Effects of conjugated linoleic acids (CLA) on a series of metabolic events are expected to depend on the feeding regimen and levels of energy ingested. This study was the first examining the mode of action of CLA on body composition, tissue lipids, lipoproteins and hepatic enzymes in situations of enhanced fat store mobilization. Two groups of male growing Sprague-Dawley rats were fed for 3 wk a diet containing 0 (control group) or 3 g/100 g of a CLA mixture at the expense of sunflower oil, and were then subjected to a weight-loss feeding regimen for another 18 d. Rats fed the CLA-fortified diet gained 11% less weight than the control rats (P < 0.05).

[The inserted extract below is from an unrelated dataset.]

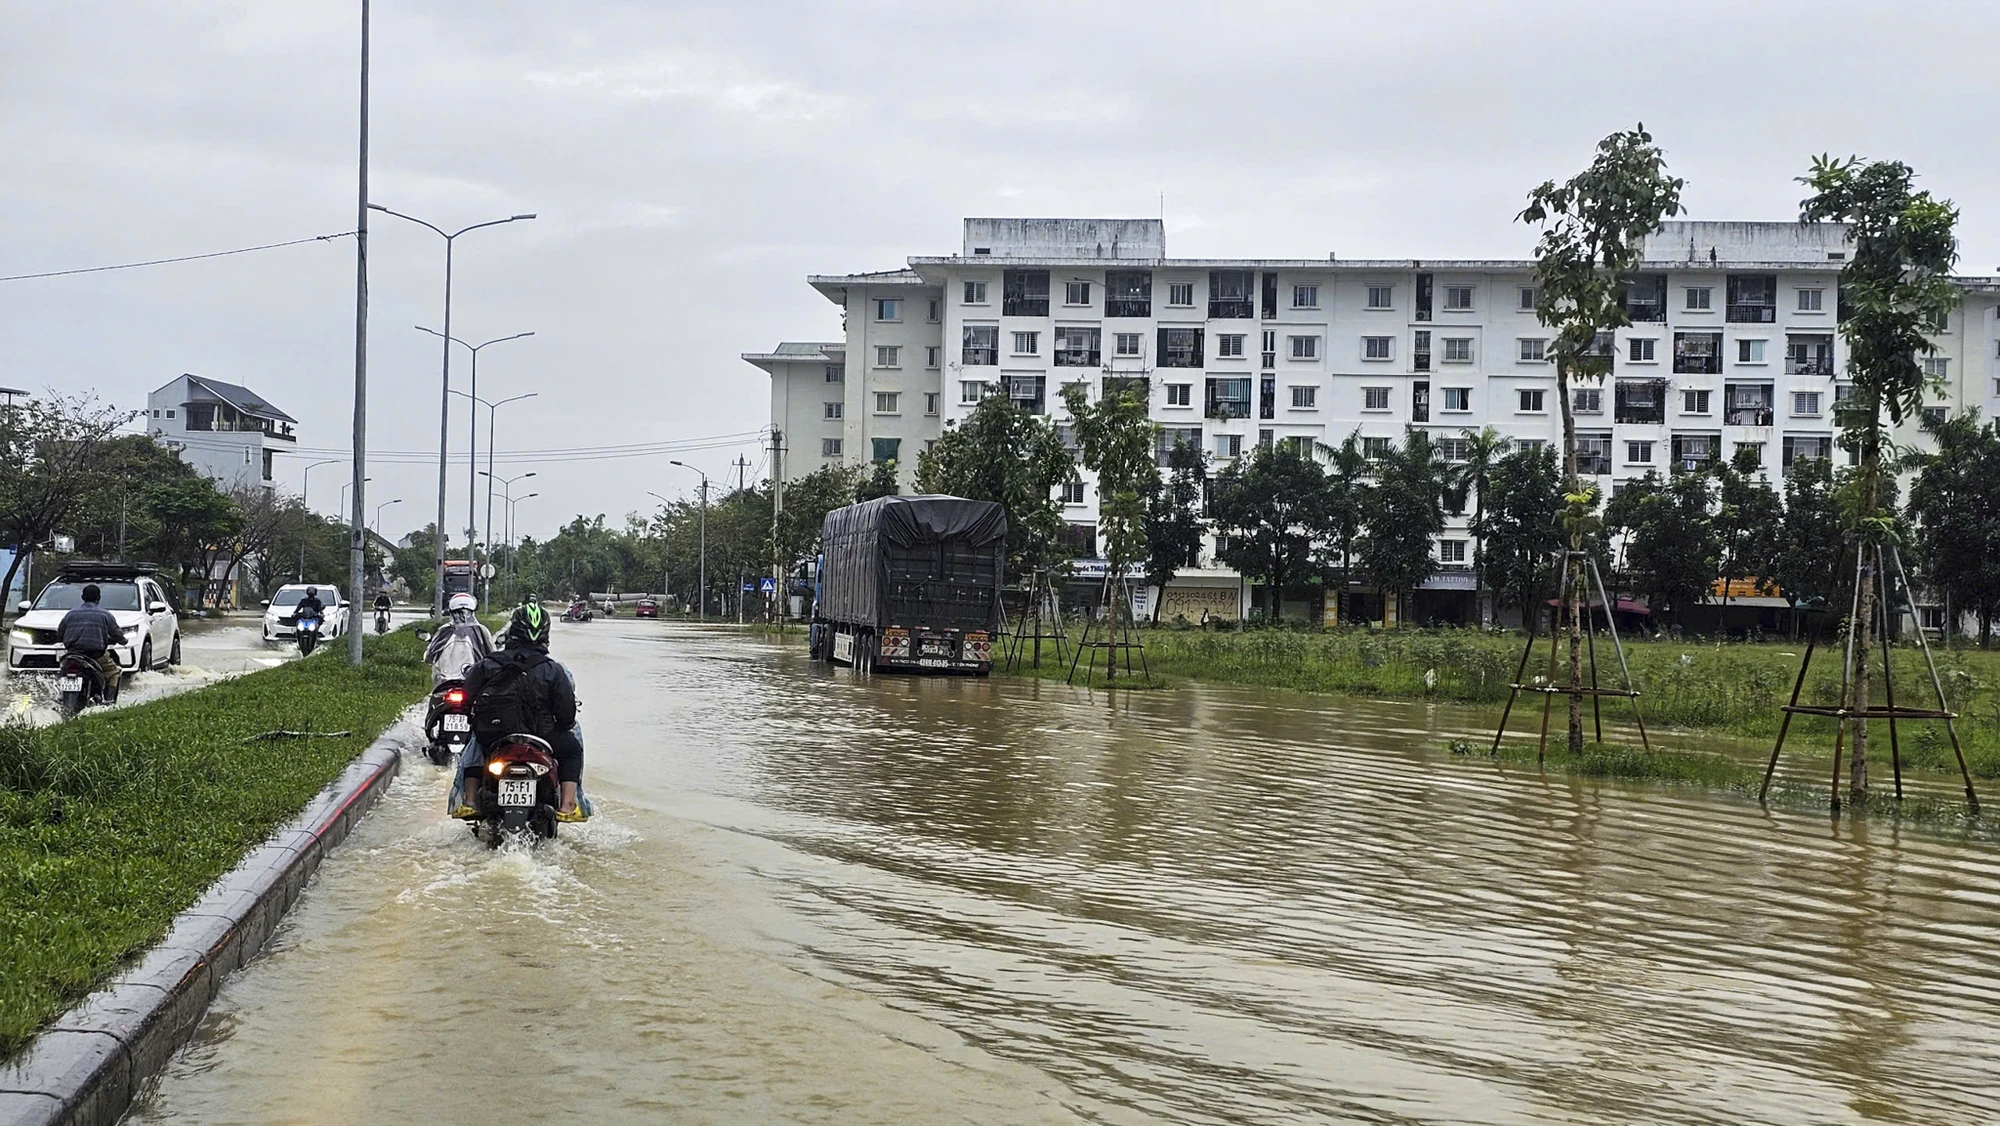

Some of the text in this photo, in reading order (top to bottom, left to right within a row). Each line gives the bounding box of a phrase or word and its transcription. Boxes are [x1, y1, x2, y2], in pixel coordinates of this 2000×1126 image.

[1442, 575, 1469, 583] TATTOO
[504, 781, 530, 793] 75-F1
[501, 793, 533, 805] 120.51

Rats fed the high CLA diet had less body fat (1.47 +/- 0.16 vs. 1.07 +/- 0.09 g/100g, P < 0.05) and a higher lean deposition (25.6 +/- 0.2 vs. 28.4 +/- 0.3 g/100 g, P < 0.05) than control rats. CLA-fed rats had a 41% lower cholesterol concentration in liver than the control rats (P < 0.05). Some differences in glycerophospholipid subclass profile of liver and erythrocyte membrane were observed; the hepatic concentrations of phosphatidylethanolamine (4.76 +/- 0.46 vs. 6.86 +/- 0.99 mu mol/g, P = 0.07) and phosphatidylcholine (12.9 +/- 0.5 vs. 15.3 +/- 1.2 mu mol/g, P = 0.09) tended to be greater and the level of phosphatidylcholine in erythrocyte membranes was significantly greater (1.40 +/- 0.12 vs. 1.83 +/- 0.16 mu mol/g, P < 0.05) in the CLA-treated group than in the control group. The activities of catalase and ornithine decarboxylase in liver did not differ between the groups. Further, CLA-treated rats had significantly lower serum concentrations of VLDL lipids than control rats, whereas concentrations of LDL and HDL lipids were unaffected. The results indicate that a high dose of a CLA mixture is a strong repartitioning agent and a modulator of lipid metabolism under conditions of enhanced fat store mobilization in rats.